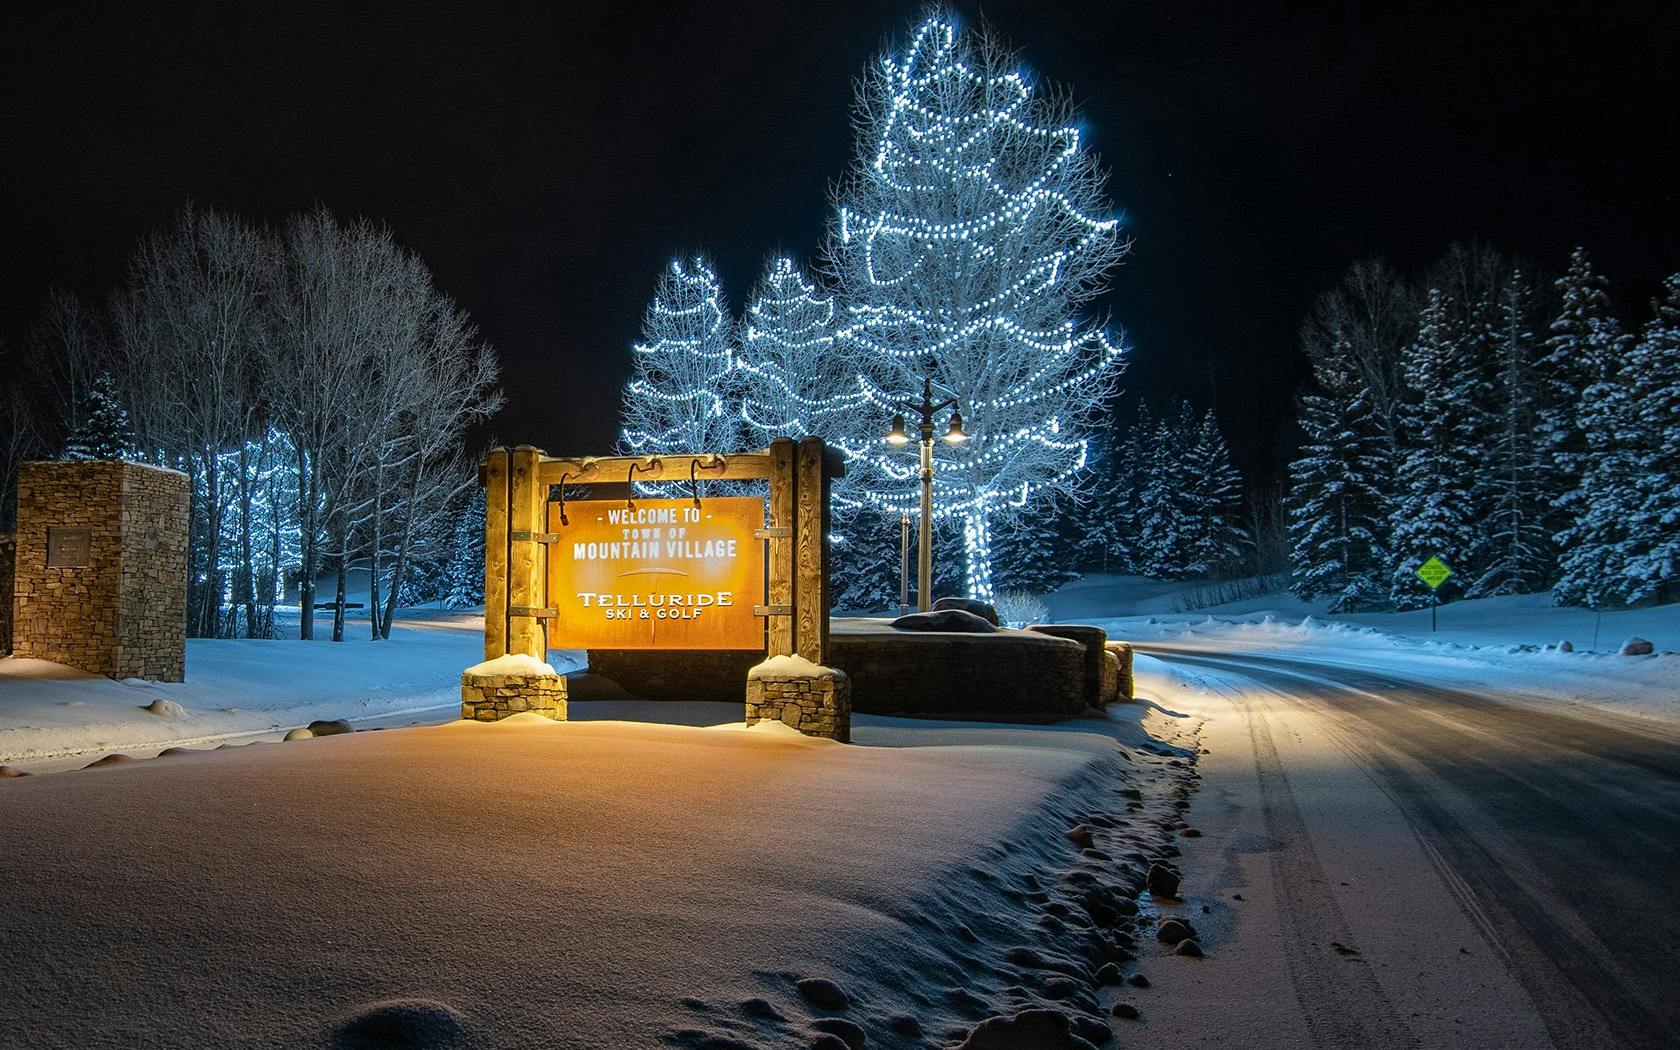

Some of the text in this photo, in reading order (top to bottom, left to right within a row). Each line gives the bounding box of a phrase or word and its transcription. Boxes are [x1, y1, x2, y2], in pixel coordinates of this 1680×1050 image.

[608, 508, 677, 524] WELCOME
[683, 508, 701, 523] TO
[623, 528, 686, 540] TOWN OF
[573, 540, 737, 560] MOUNTAIN VILLAGE
[605, 609, 702, 619] SKI & GOLF
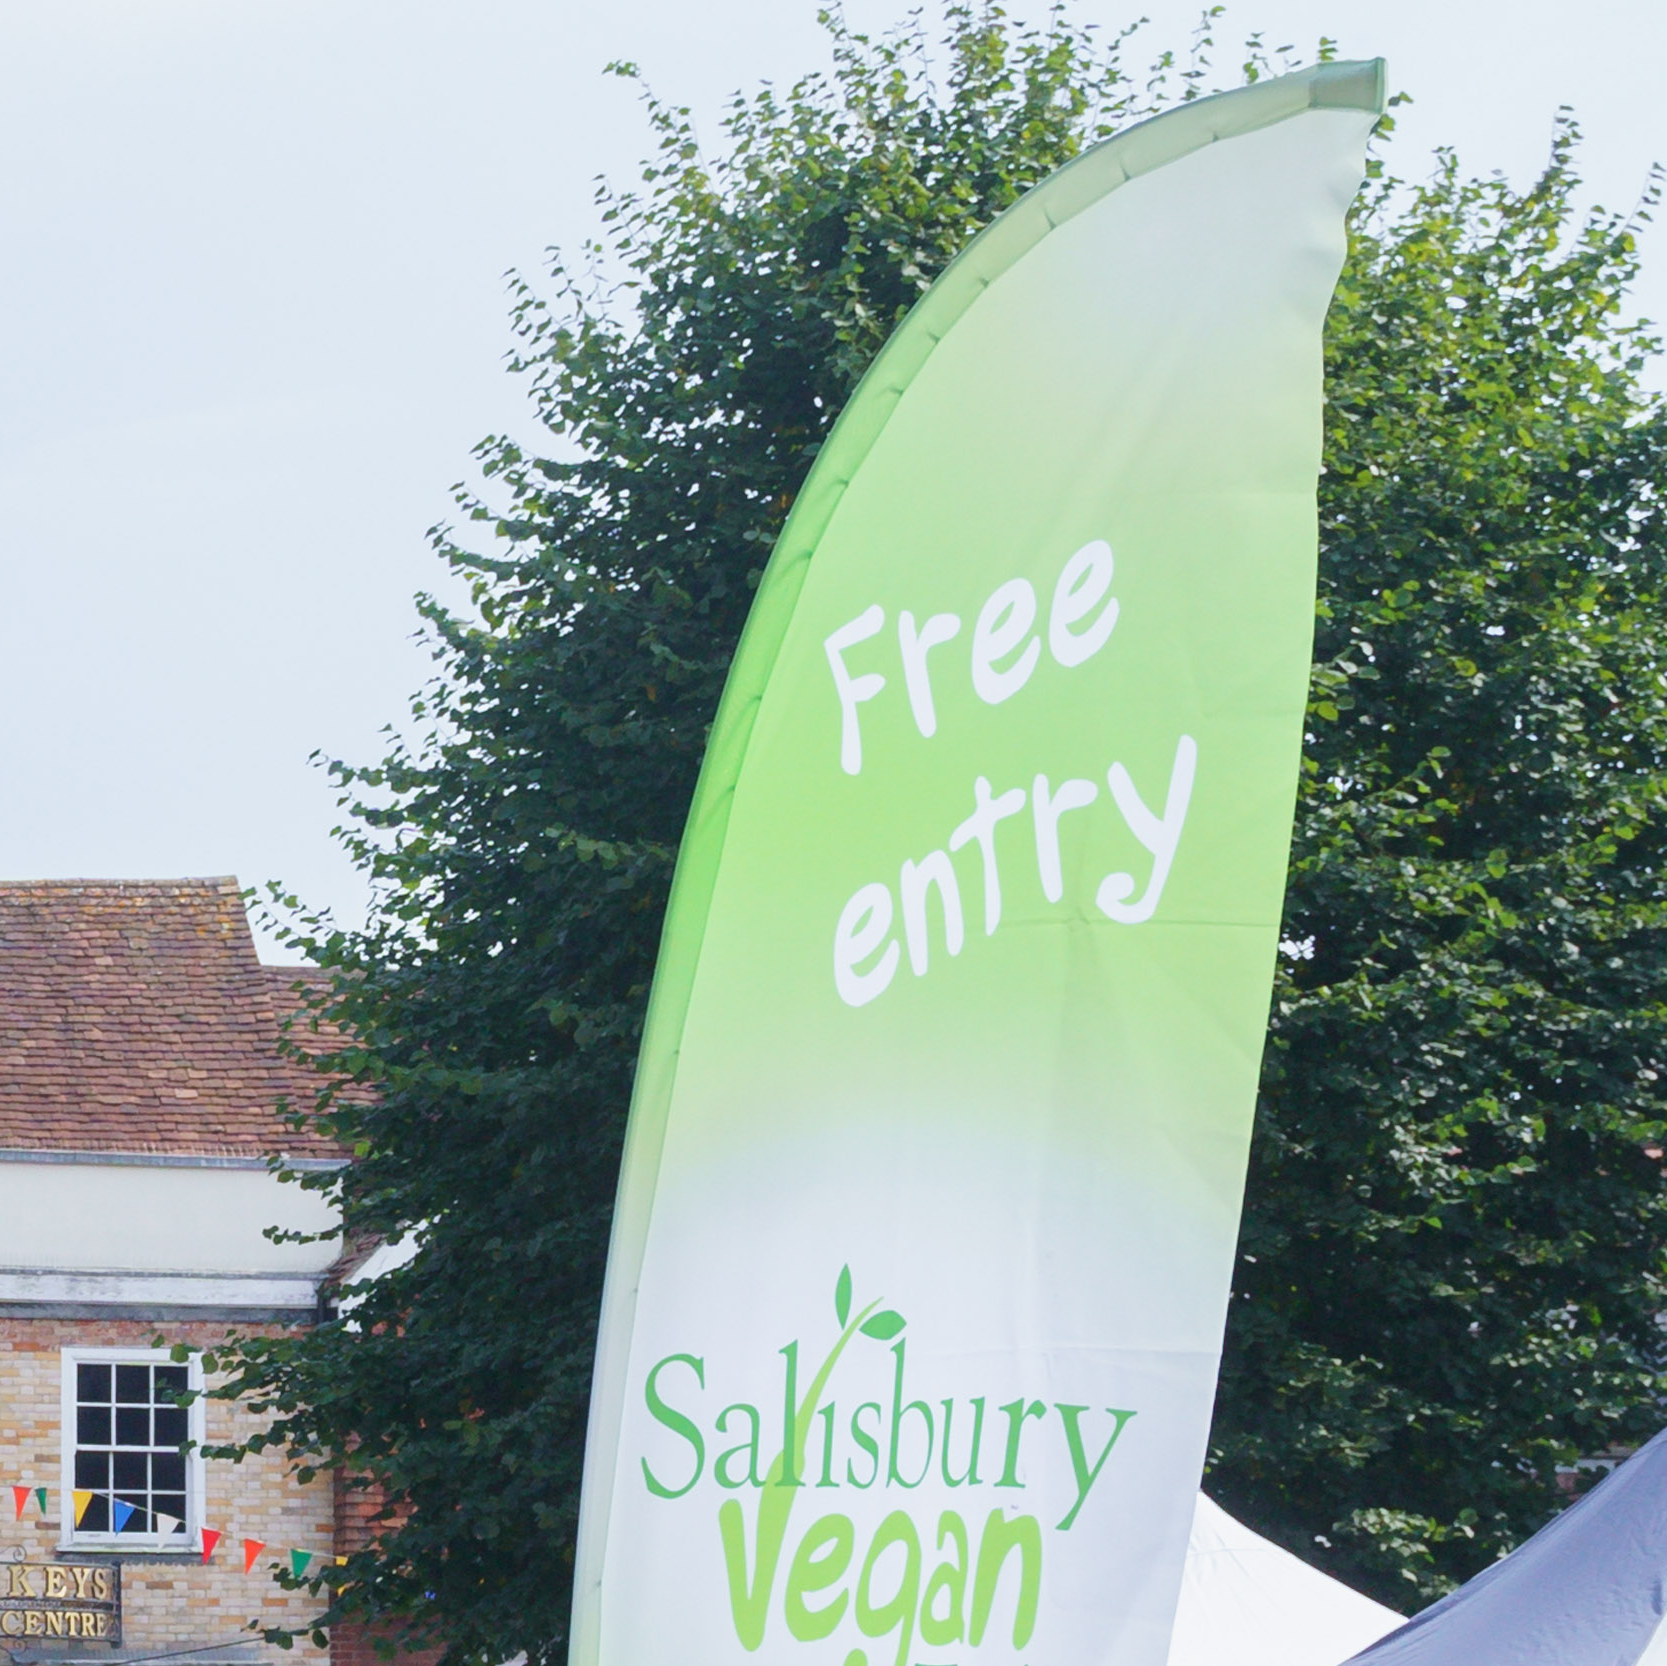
------------------------------------------------------------------------
● **TRY IT**: The copy must reproduce every entry exactly while excluding all pictures.

● **WRITTEN ANSWER**:
Some of the text in this photo, in reading order (top to bottom, left to right within a row). Each line gives the bounding box of a phrase or word and its transcription. Boxes are [x1, y1, x2, y2], in pixel coordinates of this 1680×1050 image.

[608, 508, 677, 524] WELCOME
[683, 508, 701, 523] TO
[623, 528, 686, 540] TOWN OF
[573, 540, 737, 560] MOUNTAIN VILLAGE
[605, 609, 702, 619] SKI & GOLF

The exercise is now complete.